FIG. 1 is a front view with hidden lines shown of the internal bidirectional tubing plug.

FIG. 2 is a front cross section view of FIG. 1 except the cork of the internal bidirectional tubing plug.

FIG. 3 is a front cross section view of FIG. 1, except the nut, cork, and O-ring of the internal bidirectional tubing plug.

FIG. 4 is a front cross section view of the body, nut, keystone petal, and upper and lower piston of the internal bidirectional tubing plug.

FIG. 4 Detail A is close up of the nut, cork, keystone petal and upper piston of the internal bidirectional tubing plug of FIG. 4.

FIG. 5 is a front cross section view of the body, upper piston, keystone petal, and displaced lower piston showing a displaced cork with o-ring, and stationary nut of the internal bidirectional tubing plug.

FIG. 6 is a front cross section view of the body, all petals, upper piston, and partially displaced keystone petal, showing a displaced cork and o-ring not in cross section of the internal bidirectional tubing plug.
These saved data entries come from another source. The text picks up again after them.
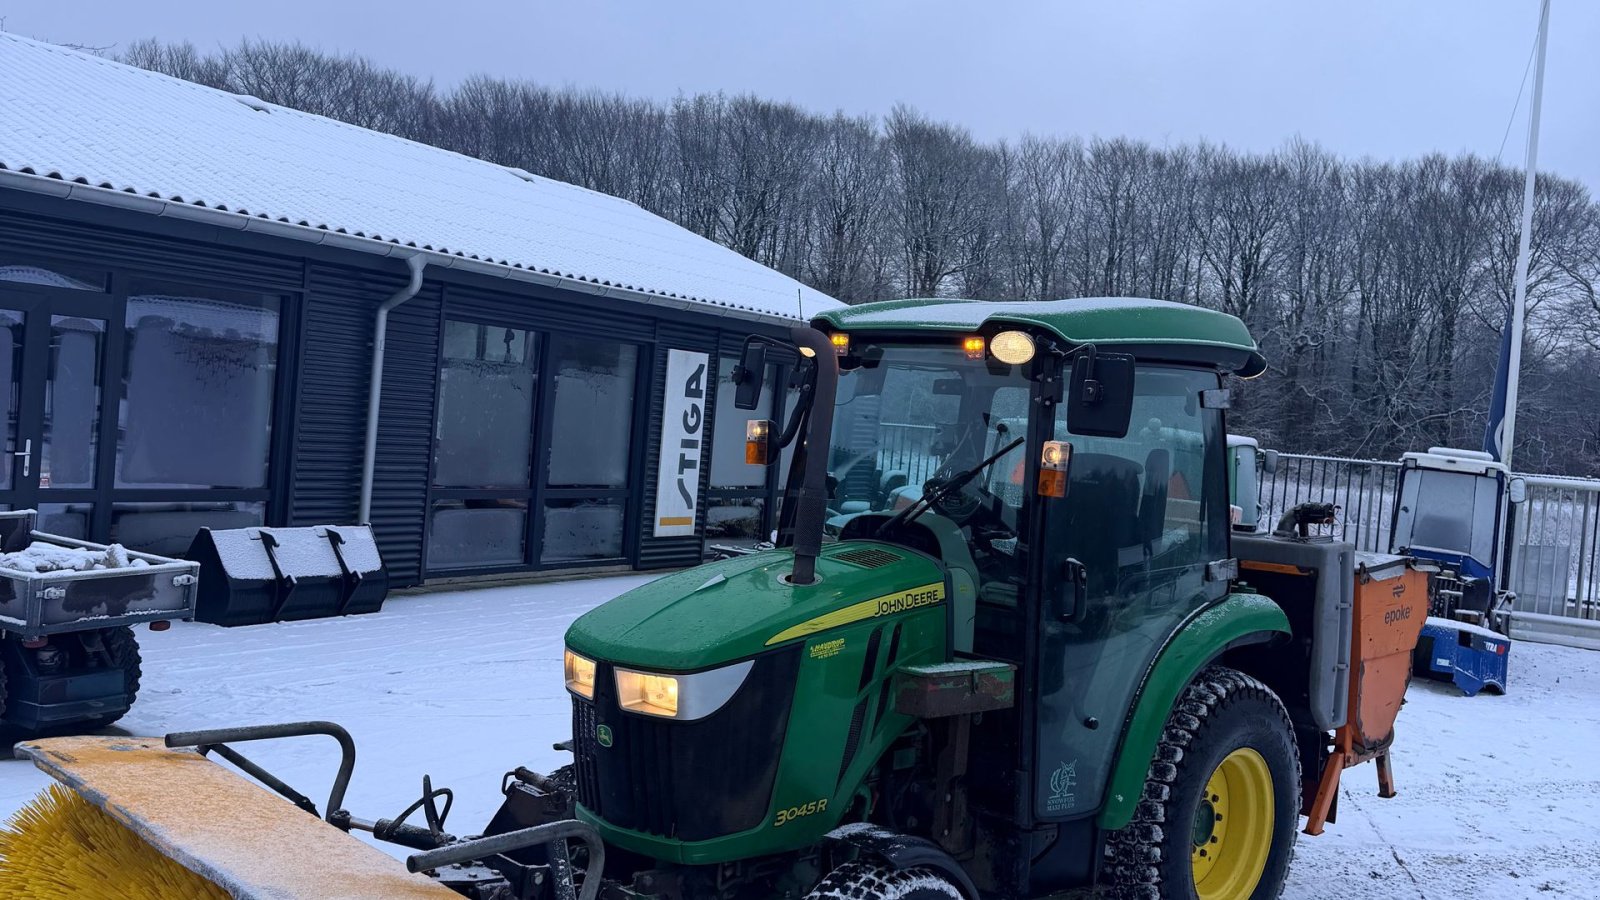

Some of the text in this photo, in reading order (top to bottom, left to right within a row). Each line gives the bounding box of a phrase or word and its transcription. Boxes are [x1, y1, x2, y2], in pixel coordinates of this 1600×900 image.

[677, 363, 706, 510] STIGA
[875, 590, 939, 616] JOHN DEERE
[1384, 605, 1411, 626] epoke
[773, 798, 828, 827] 3045R
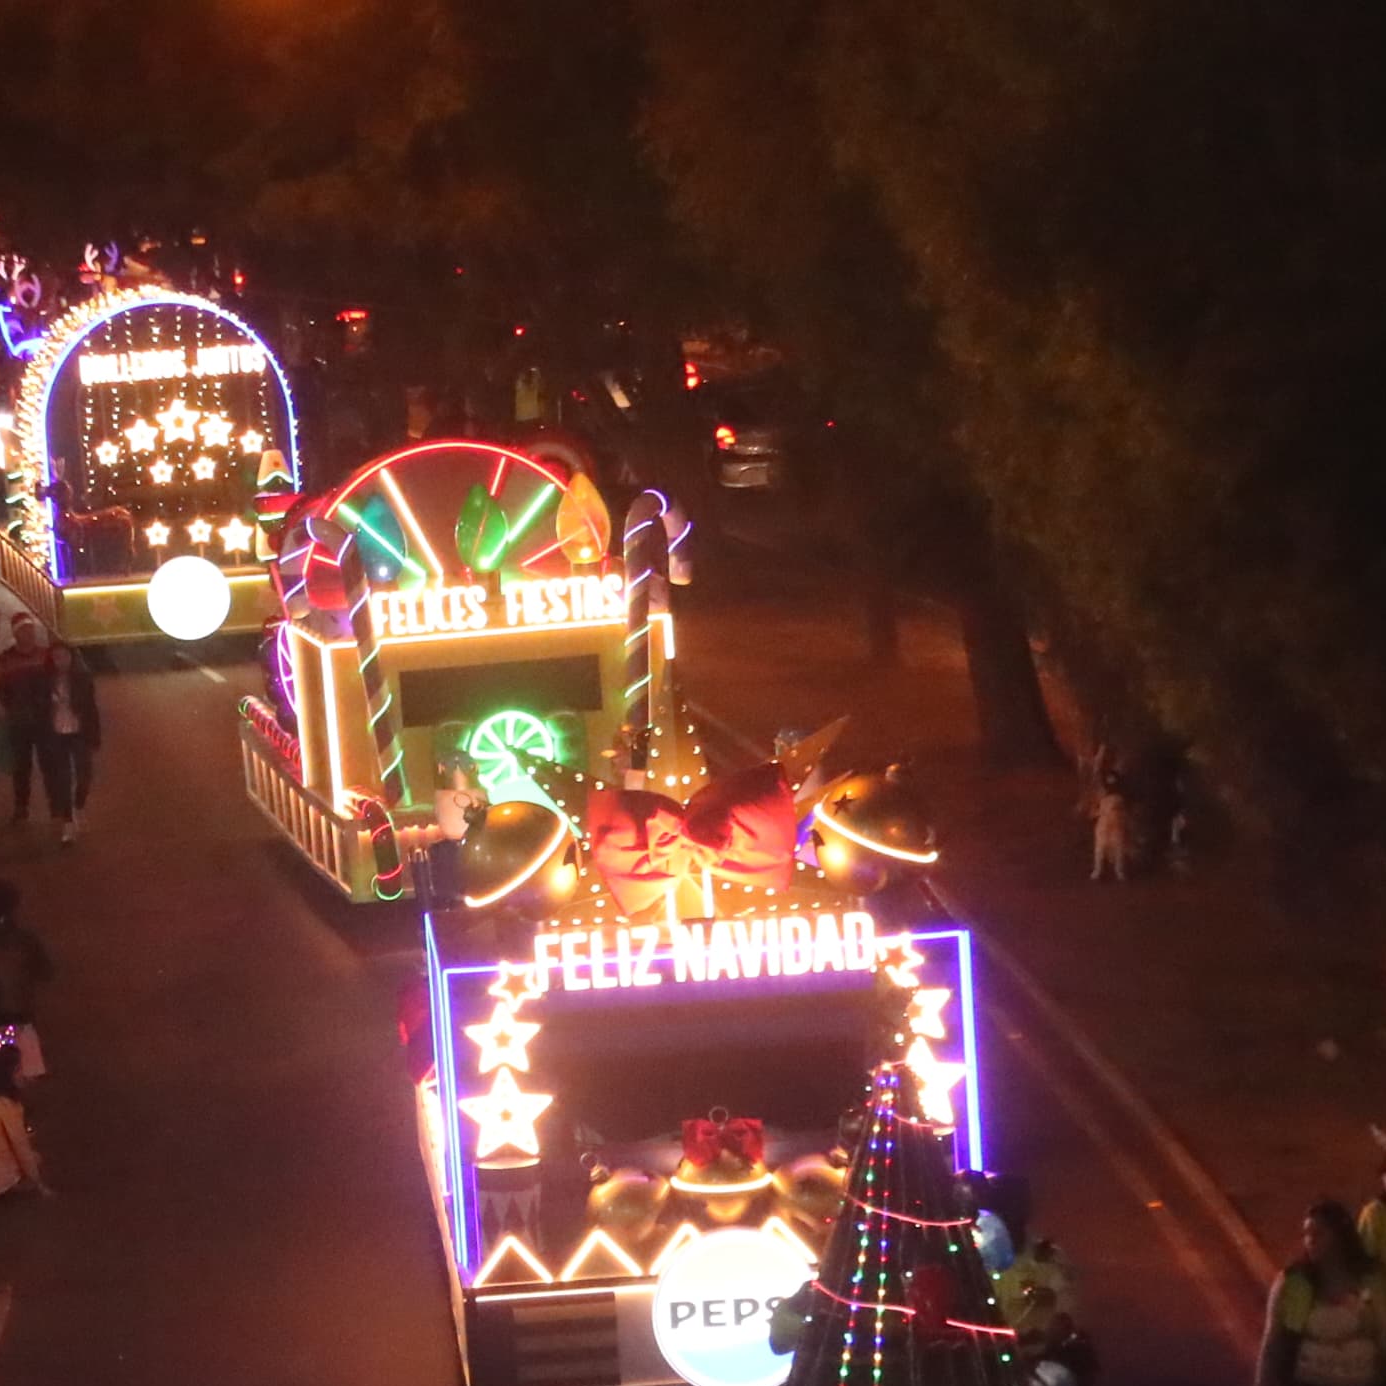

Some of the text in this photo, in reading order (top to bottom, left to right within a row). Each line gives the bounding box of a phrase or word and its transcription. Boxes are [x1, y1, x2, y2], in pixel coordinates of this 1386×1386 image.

[370, 573, 624, 637] FELICES FIESTAS
[533, 911, 876, 993] FELIZ NAVIDAD
[669, 1296, 787, 1330] PEPS
FIG. 7 is a front cross section view of the body, of the internal bidirectional tubing plug.

FIG. 8 is an isometric view, of the petal assembly of the internal bidirectional tubing plug.

FIG. 9 is an isometric view of the petals of the internal bidirectional tubing plug.

FIG. 9 Detail A is a rotated view of the petals of the internal bidirectional tubing plug.

FIG. 10 is an isometric view of the top petal of the internal bidirectional tubing plug.

FIG. 10 Detail A is a rotated view of the top petal of the internal bidirectional tubing plug.

FIG. 11 is an isometric view of the bottom petal of the internal bidirectional tubing plug.

FIG. 11 Detail A is a rotated view of the bottom petal of the internal bidirectional tubing plug.

FIG. 12 is an isometric view of the keystone petal of the internal bidirectional tubing plug.

FIG. 12 Detail A is a rotated view of the keystone petal of the internal bidirectional tubing plug.

FIG. 13 is an isometric view of the cork, o-ring and nut assembly of the internal bidirectional tubing plug.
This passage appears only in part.